Section 1 - Registrant’s Business and Operations.

 

Item 1.01 Entry into a Material Definitive Agreement.

 

On September 14, 2016, Findex.com, Inc. (the “Company,” “we,” “us,” “our”) entered into a certain operating agreement (the “Operating Agreement”) pursuant to which we became the holder of (what currently constitutes) a 25% equity (membership) interest in a newly formed, closely held private Florida limited liability company, Advanced Nanofibers LLC (“Advanced”). The membership interest in Advanced was acquired in exchange for a capital contribution in cash by us to Advanced in the amount of $1,000. Advanced was otherwise capitalized with contributions in cash totaling $3,000 by the other two parties to the Operating Agreement, Nanotech Fibers LLC (“Nanotech”) and EnVont, LLC (“Envont”), both Florida limited liability companies.

 

Nanotech is a recently organized, Florida based, closely held, private firm engaged in various strategic pursuits within and surrounding the nanotech materials industrial sector. A 25% minority stake in Nanotech is owned by a newly formed, closely held, Florida limited liability company, August Center Street Holdings, LLC, an entity 75% majority owned and controlled, individually, by our president and chief executive officer, Steven Malone.

 

EnVont is a Florida based developer and marketer of proprietary nanotechnology-based materials and coatings focused on protective thin films, smart coatings and multi-functional particles.

 

Advanced was formed by the collaboration of Nanotech, EnVont, and the Company for the purposes of exploiting, principally on a non-operational, holding company basis, the member’s respective and collective proprietary technologies, technological resources, advanced manufacturing capabilities, and strategic relationships in order to efficiently produce and globally market a broad array of enhanced, manufacture-ready macro-, micro-, and nano-fiber and nano-particle based materials.
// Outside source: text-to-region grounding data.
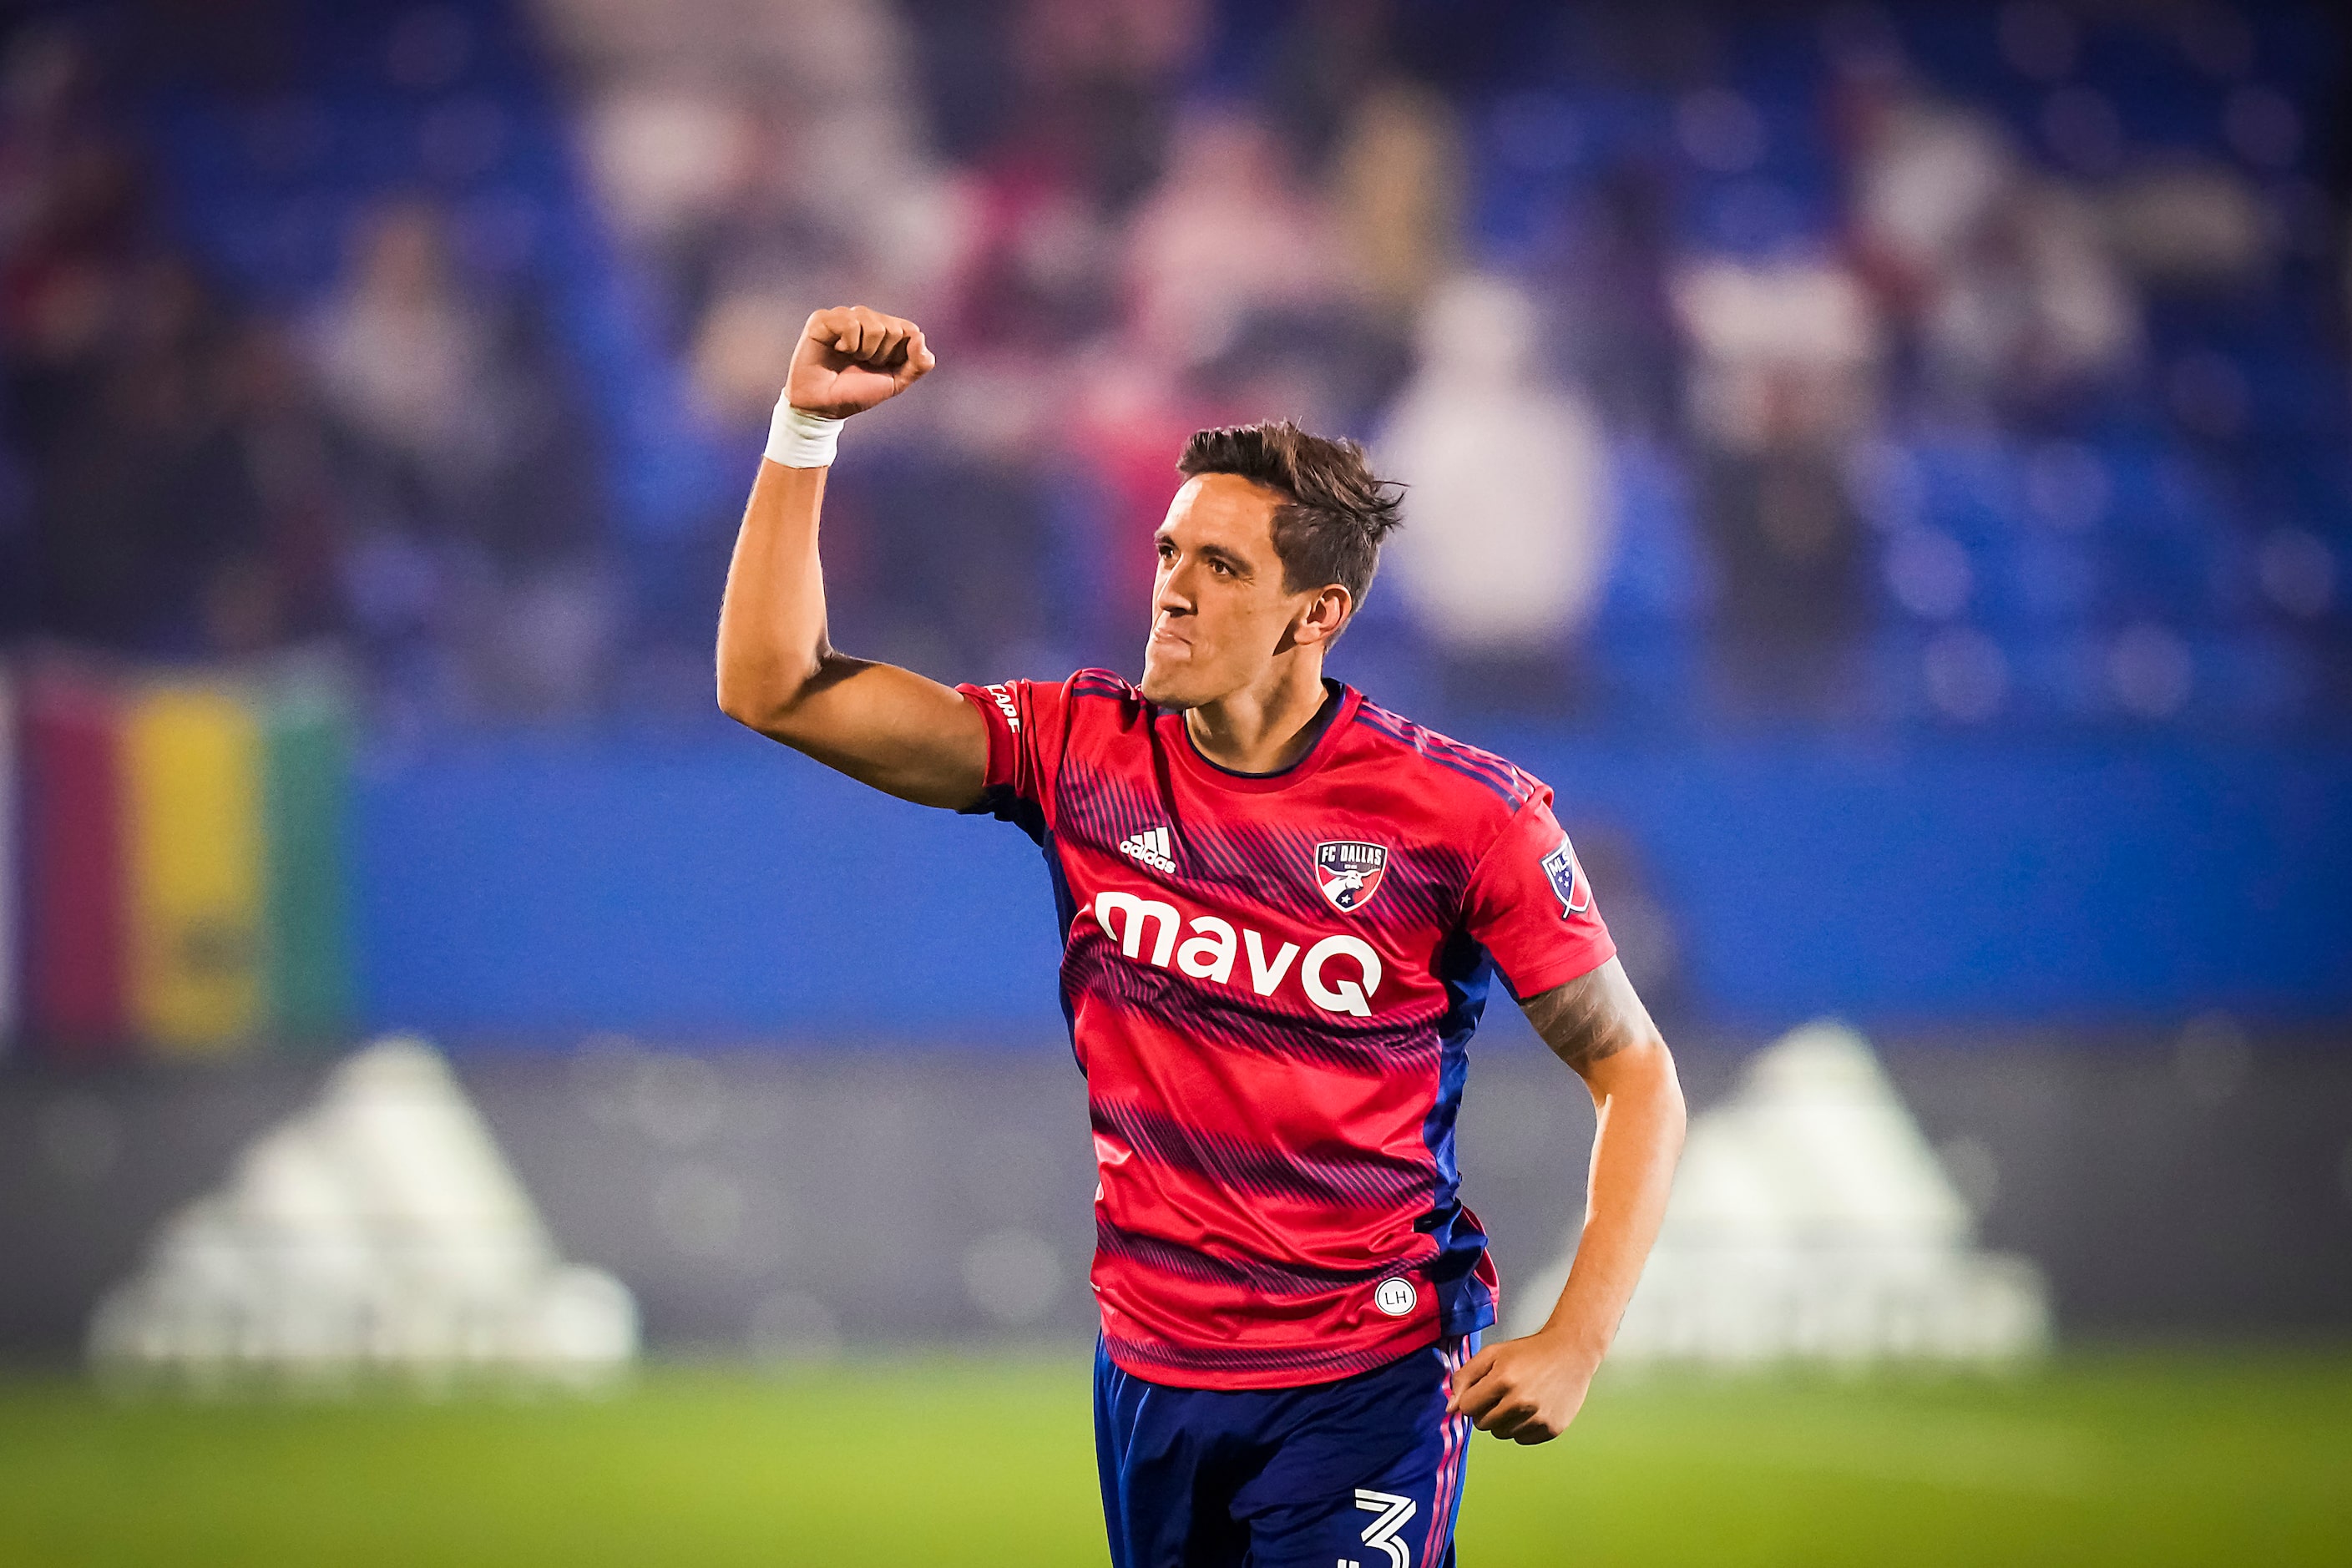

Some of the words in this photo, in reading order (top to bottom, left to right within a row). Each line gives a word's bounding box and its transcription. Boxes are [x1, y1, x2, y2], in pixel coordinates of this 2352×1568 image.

[1120, 840, 1176, 874] adidas
[1321, 846, 1336, 862] FC
[1340, 845, 1382, 866] DALLAS
[1548, 851, 1571, 878] MLS
[1095, 891, 1383, 1017] mavQ
[1384, 1290, 1407, 1305] LH
[1337, 1488, 1417, 1568] 3
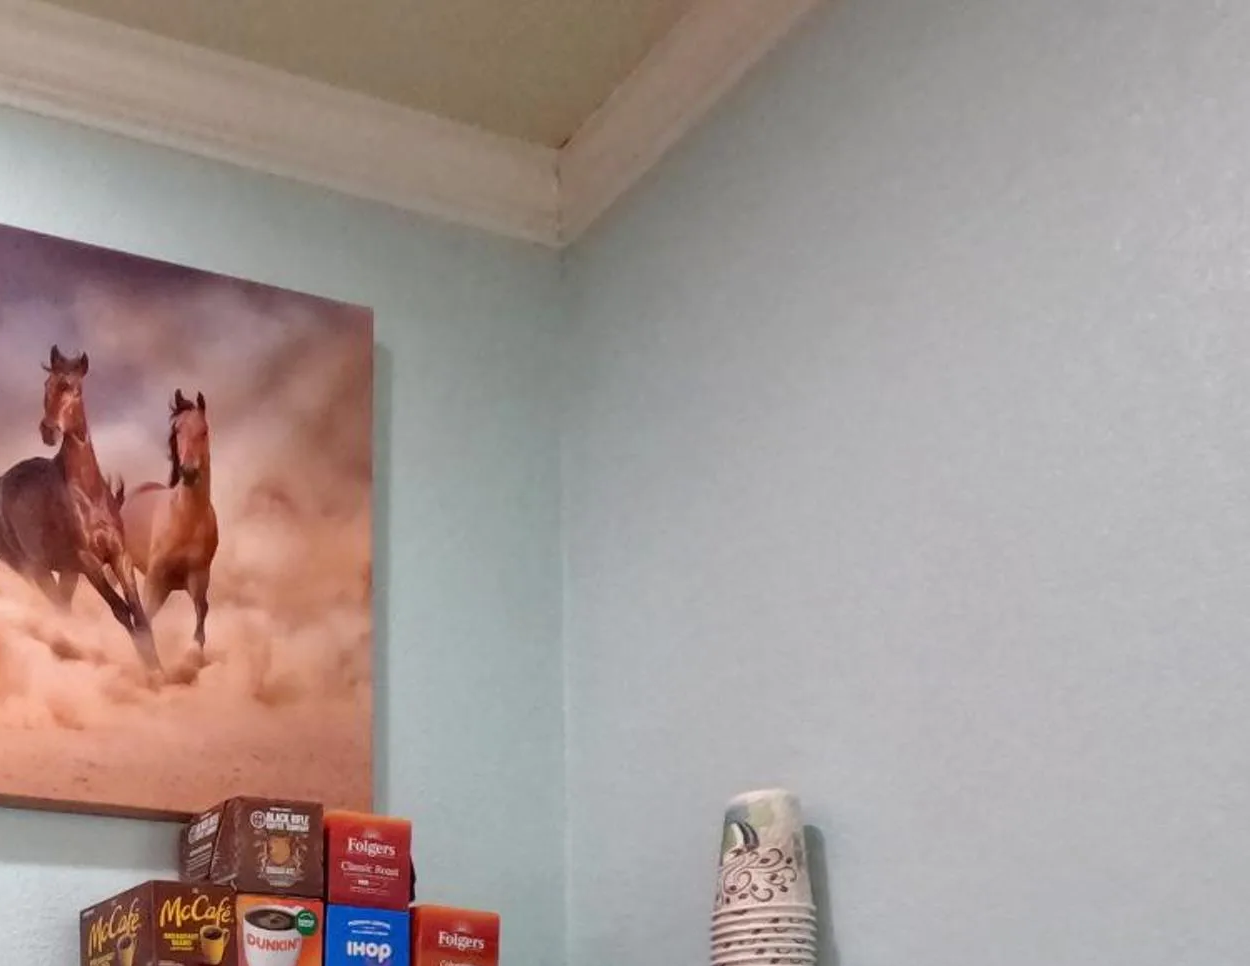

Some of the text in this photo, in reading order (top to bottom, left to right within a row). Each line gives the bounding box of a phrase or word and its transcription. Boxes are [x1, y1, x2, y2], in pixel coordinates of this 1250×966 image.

[347, 836, 396, 857] Folgers
[159, 894, 232, 928] McCafé
[438, 930, 485, 951] Folgers
[346, 941, 391, 963] IHOP
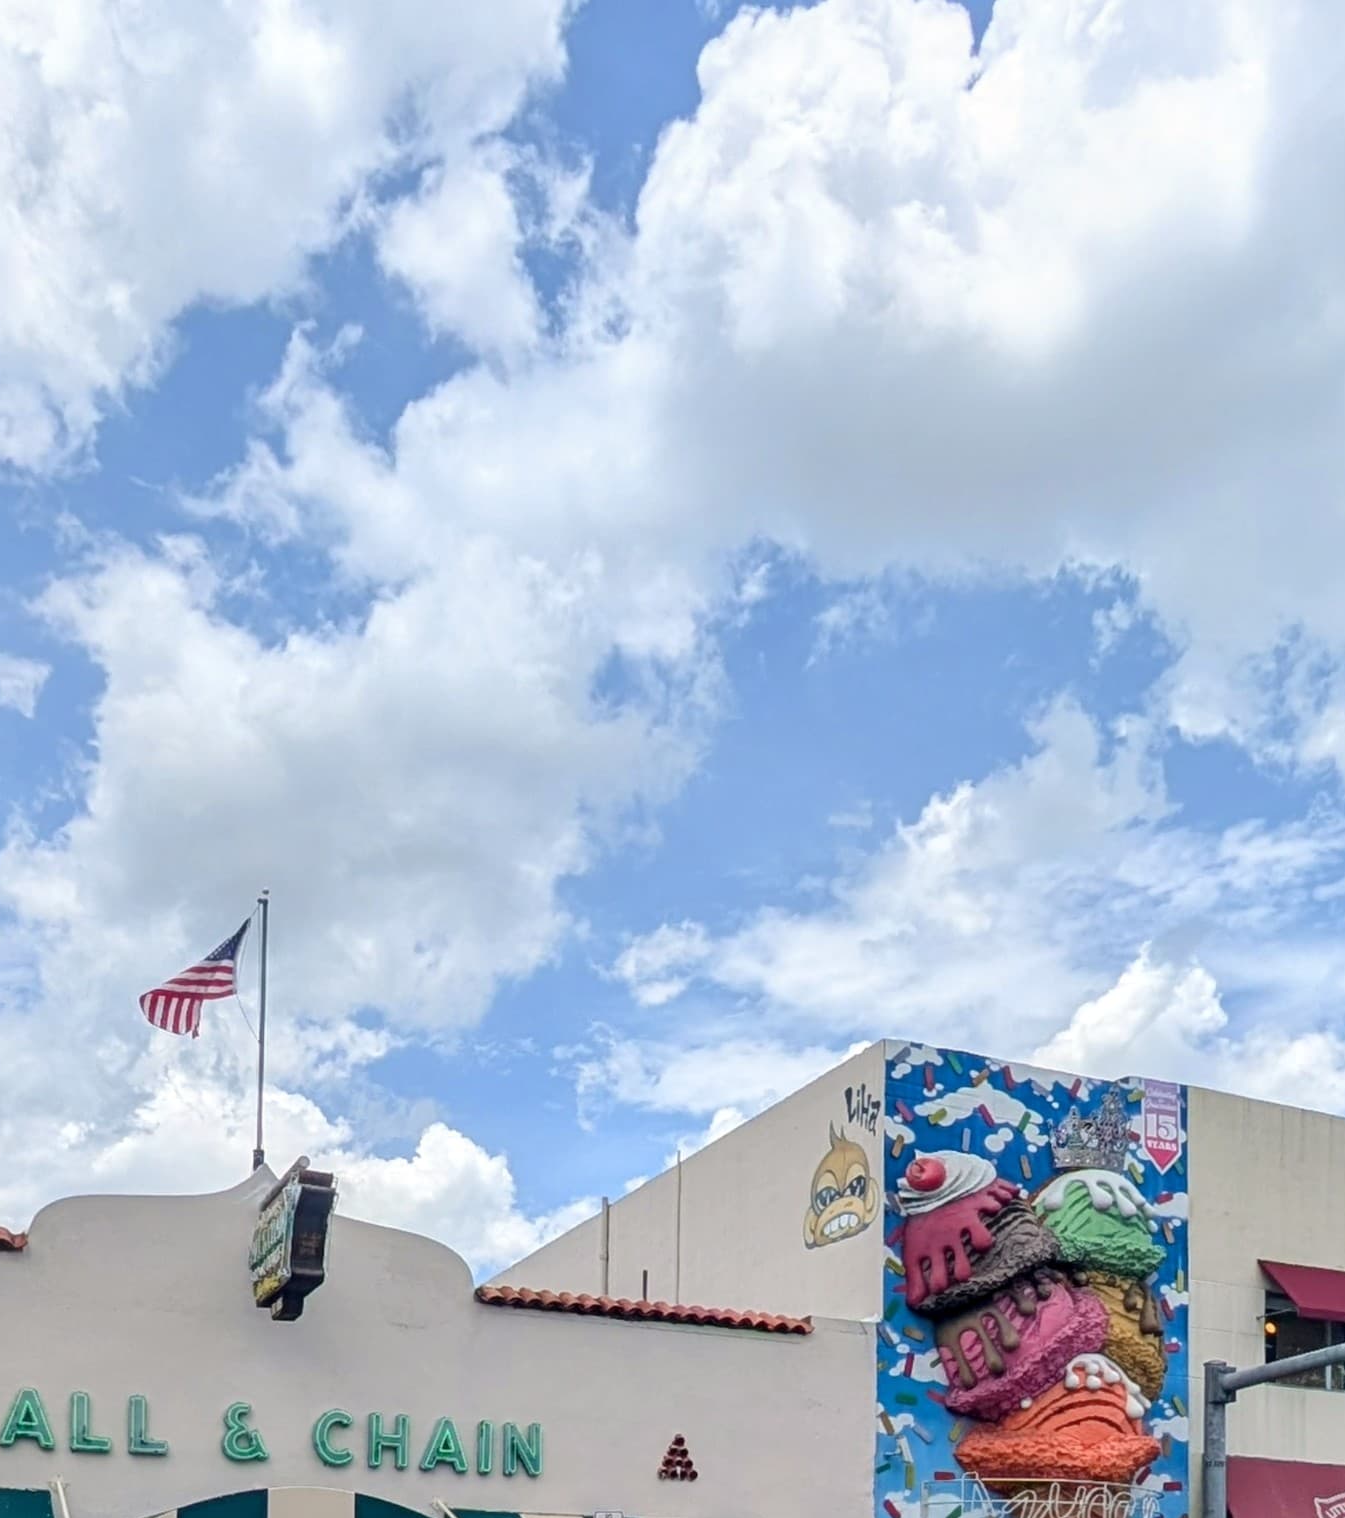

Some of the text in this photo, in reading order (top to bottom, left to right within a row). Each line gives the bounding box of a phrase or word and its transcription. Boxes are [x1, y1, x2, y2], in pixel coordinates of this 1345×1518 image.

Although there can be no assurance, it is believed by our management that the minority interest acquired by us in Advanced may position us favorably in the forefront of what is expected to be a rapidly developing market for these materials and one with promising economic potential, both near- and long-term.

 

In addition to their respective capital contributions, each of Nanotech, Envont, and the Company have committed to contribute certain services integral to the pursuit of Advanced’s business objectives. Specifically, Nanotech shall provide services coordinating the process of exploiting and selling enhanced nanofibers and nanoparticles, EnVont shall source or manufacture macro, micro and/or nano fibers and particles and work with us to accomplish the separation of nanofibers from material used to break down spun fiber, and we will contribute services breaking down spun fiber into nanofiber with trade secret technology, packaging NanoAdmix (TM) for the cementitious industry, setting up manufacturing facilities as needed close to the source of spun fiber to manufacture with EnVont technology a finished material.

 

The Operating Agreement contains a variety of customary provisions ordinarily included in similar operating agreements, including those relating to issues surrounding the governance and management of Advanced, as well as certain financial and book- and record-keeping related matters. In accordance with the terms of the Operating Agreement, Steven Malone, our president and chief executive officer, together with Matthew R. Piazza, a representative and designee of Nanotech, are to serve as the general managers of Advanced. James S. Bond, another representative and designee of Nanotech, will be serving as the financial and tax matters manager. William Fitts, a representative and designee of EnVont, will be serving as the manager of technology. In general, the unanimous consent of the managers, or the members, as the case may be, is required for any and all material action to be taken by Advanced.

 

 

 

 

 

 

SIGNATURE

 

Pursuant to the requirements of the Securities Exchange Act of 1934, the registrant has duly caused this report to be signed on its behalf by the undersigned hereunto duly authorized.

 

Dated: September 20, 2016

  FINDEX.COM, INC.
   
  By:  /s/ Steven Malone
    Steven Malone
    President
    Chief Executive Officer (Principal Executive Officer)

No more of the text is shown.